Meister Li und ich gingen unauffällig hinüber. Mondkind gestikulierte und
berührte dabei zufällig die Hand des Mannes. Er sprang auf, taumelte zitternd
zur Tür, klopfte ehrerbietig und öffnete sie. Wir waren hindurch, ehe der
Vorsteher wußte, wie ihm geschah, und Mondkind tätschelte ihm zur Belohnung die
Wange, ehe er ihm die Tür vor der Nase zuschlug. Ich erwartete ein weiteres
Heer Schreiber. Aber der Regi-strator Vergangener Existenzen war allein und verschwand beinahe zwischen seinen Büchern. Das Gesicht, das
sich uns entgegenhob, erinnerte mich an Gemälde von Heng-chiang, dem General
Schnüffel. Seine Augenbrauen waren senkrecht, seine Augen quollen ihm wie
Froschaugen aus dem Kopf, und er rümpfte die Nase, als rieche er ständig etwas
Unangenehmes. Meister Li verneigte sich wie vor einem Gleichgestellten, und
Mondkinds Verneigung war eine vollkommene Mischung aus Höflichkeit und
Herablassung.
    »Ja ?« sagte der Registrator.
    »Herr Li von Kao, Gesandter
des Himmelssohnes.
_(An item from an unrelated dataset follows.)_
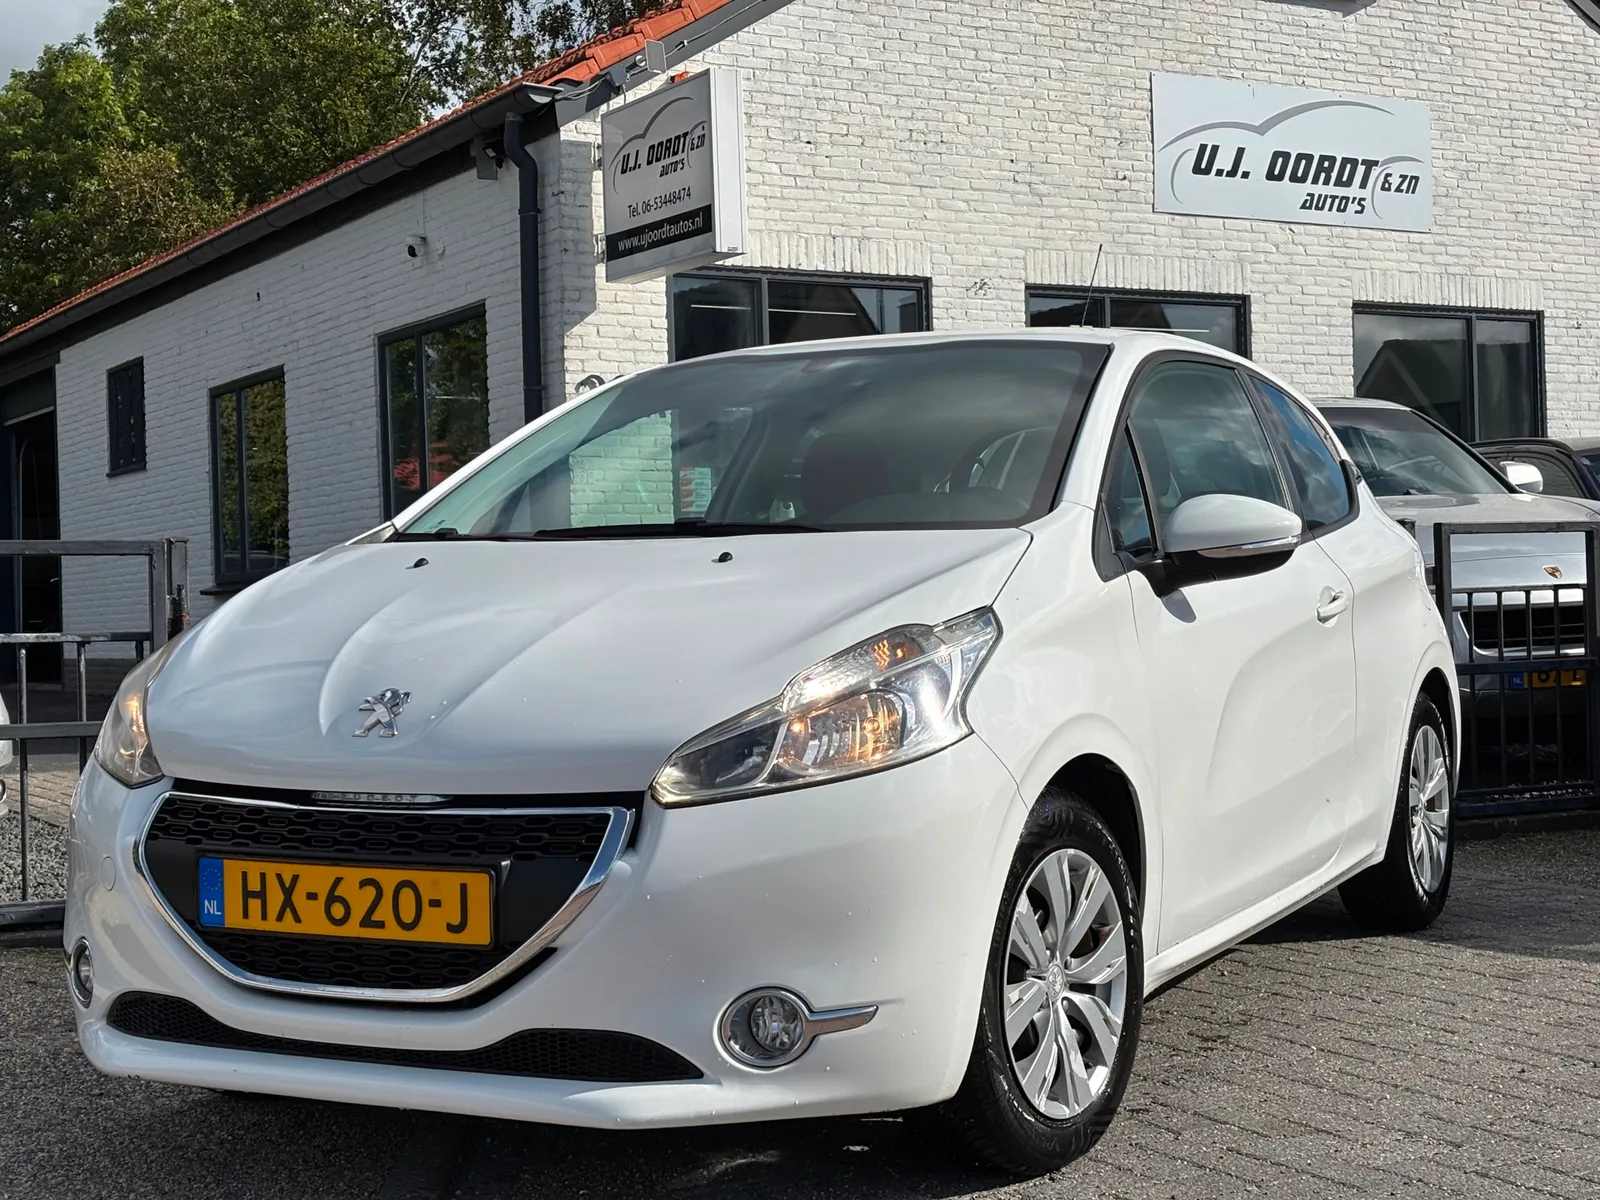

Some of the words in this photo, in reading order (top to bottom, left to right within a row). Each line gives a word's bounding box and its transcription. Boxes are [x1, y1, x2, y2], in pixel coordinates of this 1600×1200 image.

Der Himmelssohn ist wütend«, fügte Meister Li hinzu. »Ja ?« sagte der Registrator.
    »Ein so unziemliches
Eindringen wäre unerträglich, wenn es nicht um ernste Dinge ginge. Und was
könnte ernster sein, als es zu unterlassen, den Trank des Vergessens richtig
zuzuteilen«, sagte Meister Li ernst. »Ja ?« sagte der
Registrator.
    Meister Li fuhr herum und
funkelte mich an. »Seht Euch diesen einfältigen, verlausten Vertreter der
unteren Klassen an !« rief er wütend.
    »Von Rechts wegen sollte
sein Wissen auf Felder, Fressen und Furzen beschränkt sein, und trotzdem
behauptet er, sich an jede Einzelheit eines früheren Lebens zu erinnern, in dem
er der Ur-Urgroßvater von diesem Juwel des derzeitigen Hofs war!«
    Auf das Stichwort verneigte
sich Mondkind anmutig. »Damit nicht genug, beharrt dieser schwachsinnige
Trottel, der sich ständig zwischen den Beinen kratzt, Lehrer der Prinzen der
Sui-Dynastie gewesen zu sein«, schrie Meister Li. »Er erzählt Geschichten über
die Ausschweifungen von Kaiser Yang, bei denen Euch die Haare zu Berge stehen
würden, wenn Ihr welche hättet. Jedesmal, wenn er sein dummes Maul aufreißt, unterstreicht er seine Behauptung, Herr Tsing gewesen zu sein !«
    (Das war mein Stichwort.
Tsing hieß der liebe alte stellvertretende Abt des Klosters in der Nähe meines
Dorfes, der die Dorfjungen nach der Feldarbeit unterrichtete. Er war ein
netter, freundlicher Mann, der an chronischer Pedanterie litt. Ich unterhielt
Meister Li öfter damit, daß ich ihn imitierte.) »Nun los, du Trottel !« begann ich, kratzte mich zwischen den Beinen und trat
einen Schritt vor. Meister Li sah sich um und deutete auf eine reich verzierte
Bronzeschale. »Welches Schmuckmotiv ist das ?« fuhr er
mich an. Ich versuchte es mit einem starren leeren Blick, und meine Kiefer
quietschten wie ungeölte Scharniere, als sie sich unerbittlich öffneten.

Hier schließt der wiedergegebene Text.